Gold falls 1.5 percent on ECB rate talk, peace plan
NEW YORK (Reuters) - Gold fell 1.5 percent on Thursday, snapping a four-day rally to record highs on news of a Venezuelan proposal to end turmoil in Libya and as the European Central Bank warned it could soon raise interest rates.
Gold nearly halved its gains from the past four days which culminated in an all-time high $1,440.10 an ounce on Wednesday. Bullion investors took profits as oil prices slipped after Venezuela said Muammar Gaddafi had agreed to its proposal for an international commission to negotiate a peace plan in Libya, the world's 12th largest oil exporting nation.

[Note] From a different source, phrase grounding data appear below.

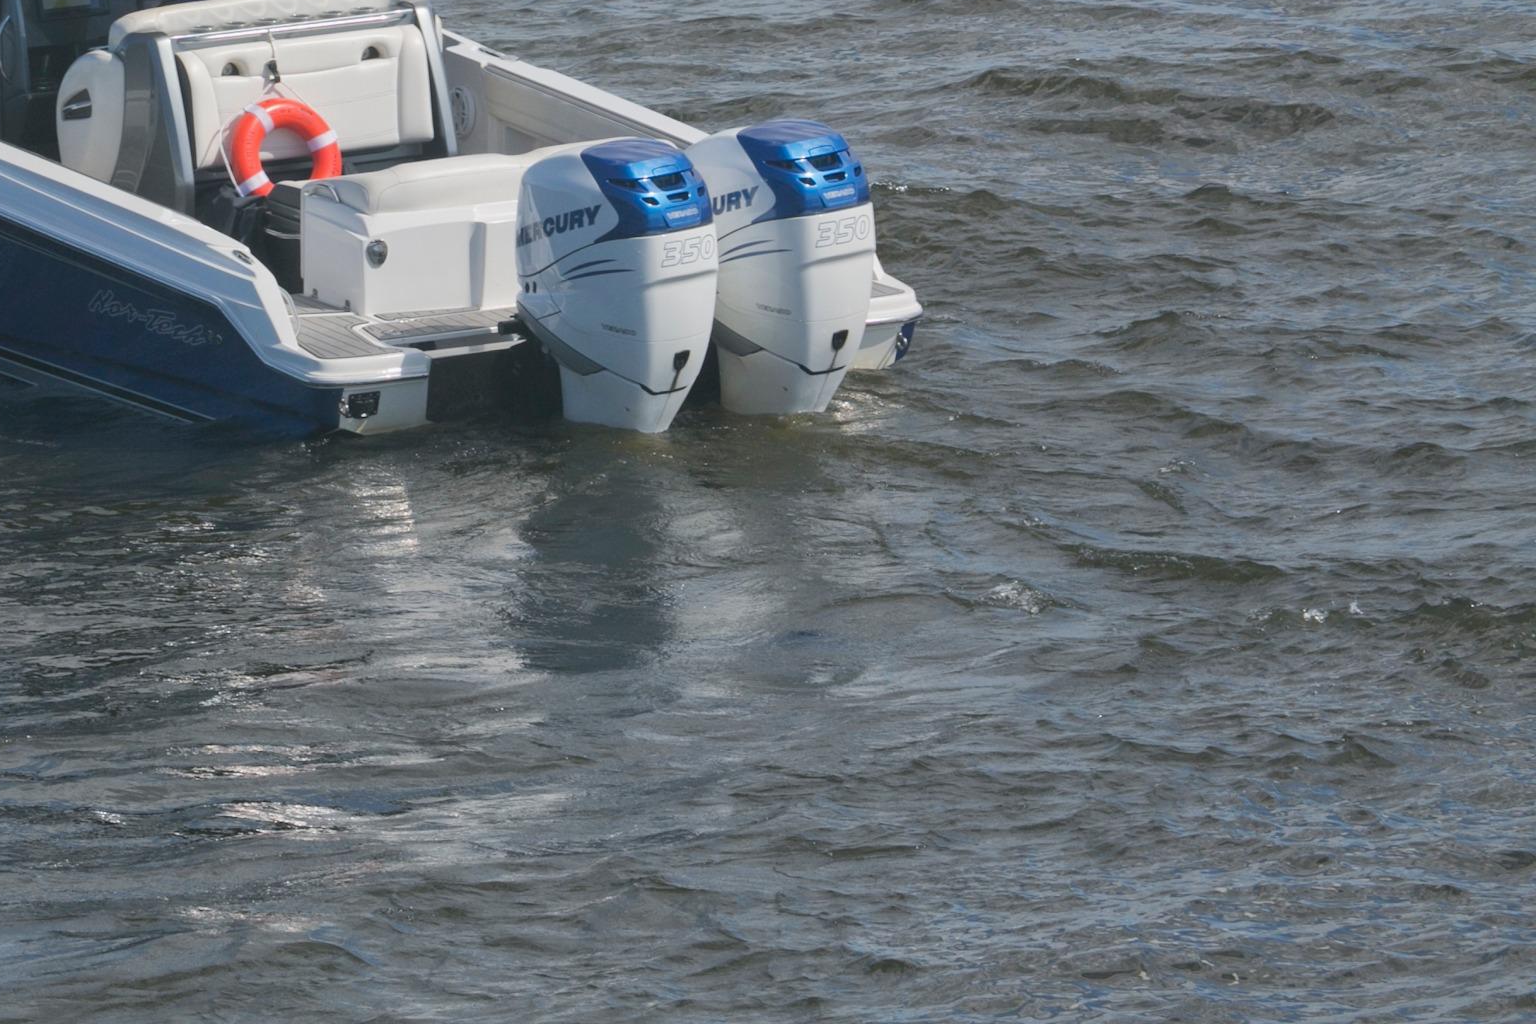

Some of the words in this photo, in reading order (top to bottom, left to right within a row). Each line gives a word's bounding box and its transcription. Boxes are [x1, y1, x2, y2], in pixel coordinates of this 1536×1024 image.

[712, 185, 760, 216] URY
[815, 214, 871, 249] 350
[660, 234, 715, 268] 350
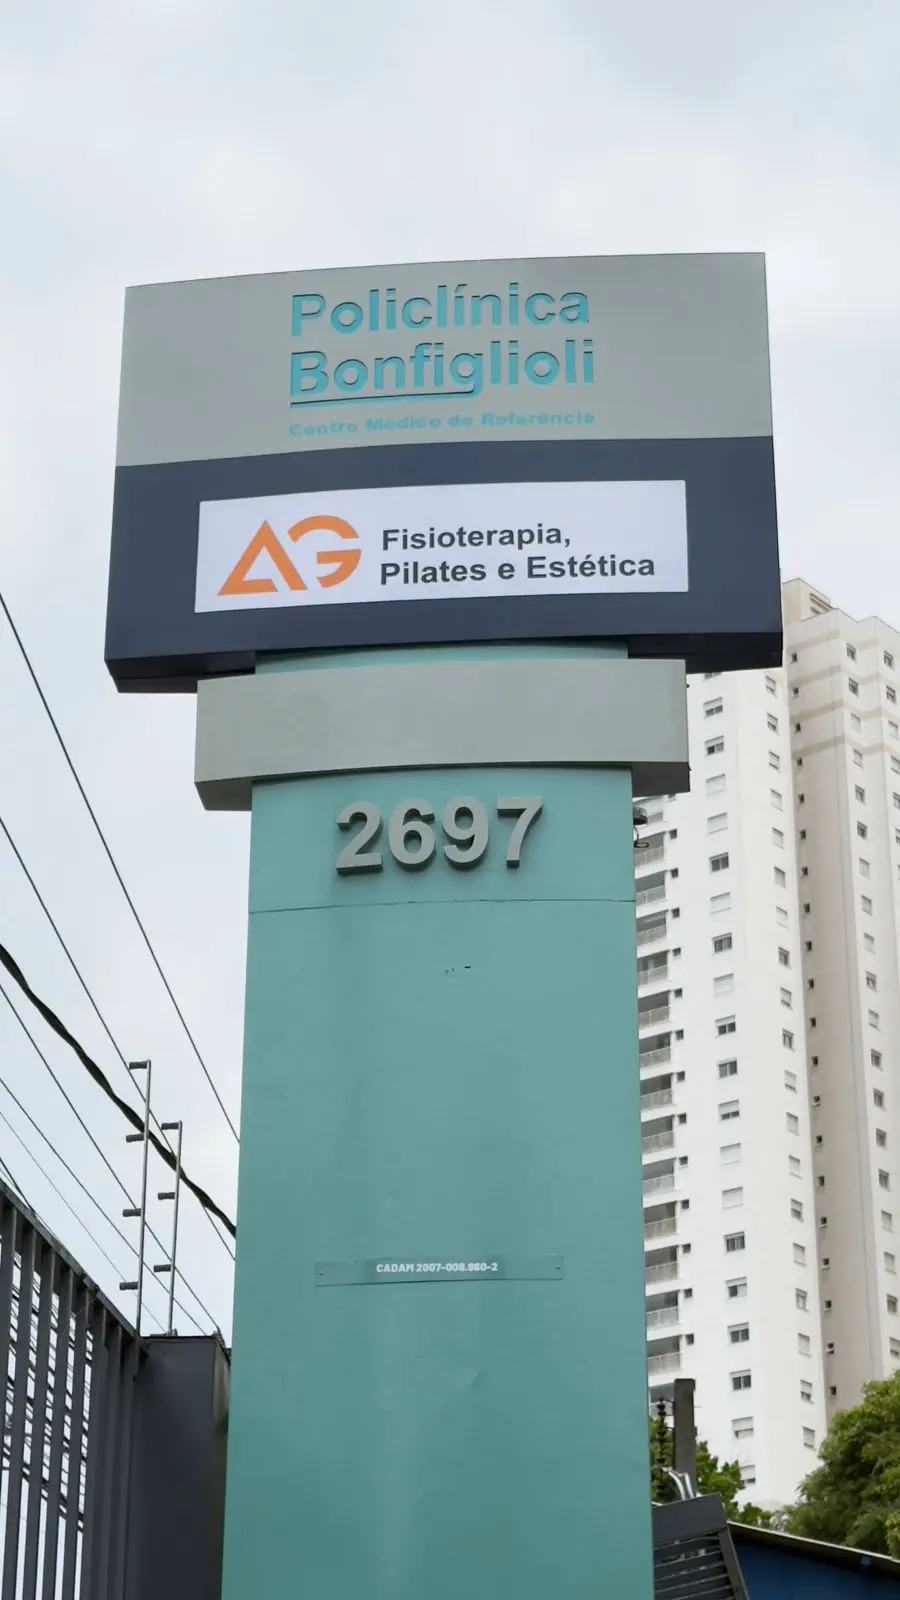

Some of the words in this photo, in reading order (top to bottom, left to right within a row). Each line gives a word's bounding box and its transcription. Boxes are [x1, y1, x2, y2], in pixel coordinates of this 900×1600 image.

[291, 282, 590, 337] Policlínica
[289, 339, 595, 399] Bonfiglioli
[288, 421, 358, 437] Centro
[447, 414, 474, 428] de
[382, 523, 571, 551] Fisioterapia,
[380, 560, 487, 586] Pilates
[497, 562, 515, 580] e
[527, 554, 656, 579] Estética
[335, 796, 545, 874] 2697
[376, 1263, 415, 1273] CADAM

Bullion was also pressured by ECB President Jean-Claude Trichet's statement that the central bank would exercise "strong vigilance" over inflation and that interest rate increases could come at ECB's next meeting in April, far earlier than markets expected.
"Obviously, you have the European talk about higher interest rates down the road and a stalling crude rally, which are weighing on the market now," said Frank McGhee, head precious metals trader of Integrated Brokerage Services LLC.
"You have everything that at least set us up for a day of profit taking," McGhee said.
Spot gold fell as low as $1,409.96 an ounce and was down 1.5 percent to $1,412.90 an ounce at 3:04 p.m. EST (2004 GMT). The metal fixed at $1,421.50 in London.
U.S. gold futures for April delivery settled down $21.30 an ounce at $1,416.40, with turnover of more than 200,000 lots, some 10 percent higher than its 30-day average, preliminary Reuters data showed.
Thursday marked the first time U.S. gold volume rose above 200,000 contracts since January 28.
Trichet's remarks on inflation and a possible rate hike pushed the euro sharply higher against the dollar, edging toward the psychologically important $1.40 level.
"This is the type of language that in previous rate hike cycles preceded a rate hike," said currency strategists at Action Economics.
On charts, gold has recently risen in a narrow channel, which indicates uniformity of its recent rally, said Rick Bensignor, chief market strategist of Dahlman Rose.
Bensignor said gold should find key support between $1,370 and $1,380 an ounce should prices correct further.
"Unless you think the dollar is going to bottom and do a massive turnaround, it's hard to think why gold is going to stop here," Bensignor said.
U.S. stocks shot up on lower oil prices and upbeat U.S. labor market data, which added pressure to gold.
Data showing new U.S. claims for unemployment benefits fell last week to their lowest level in more than 2-1/2 years was the latest optimistic reading to bolster hopes for an upside surprise in Friday's key payrolls report.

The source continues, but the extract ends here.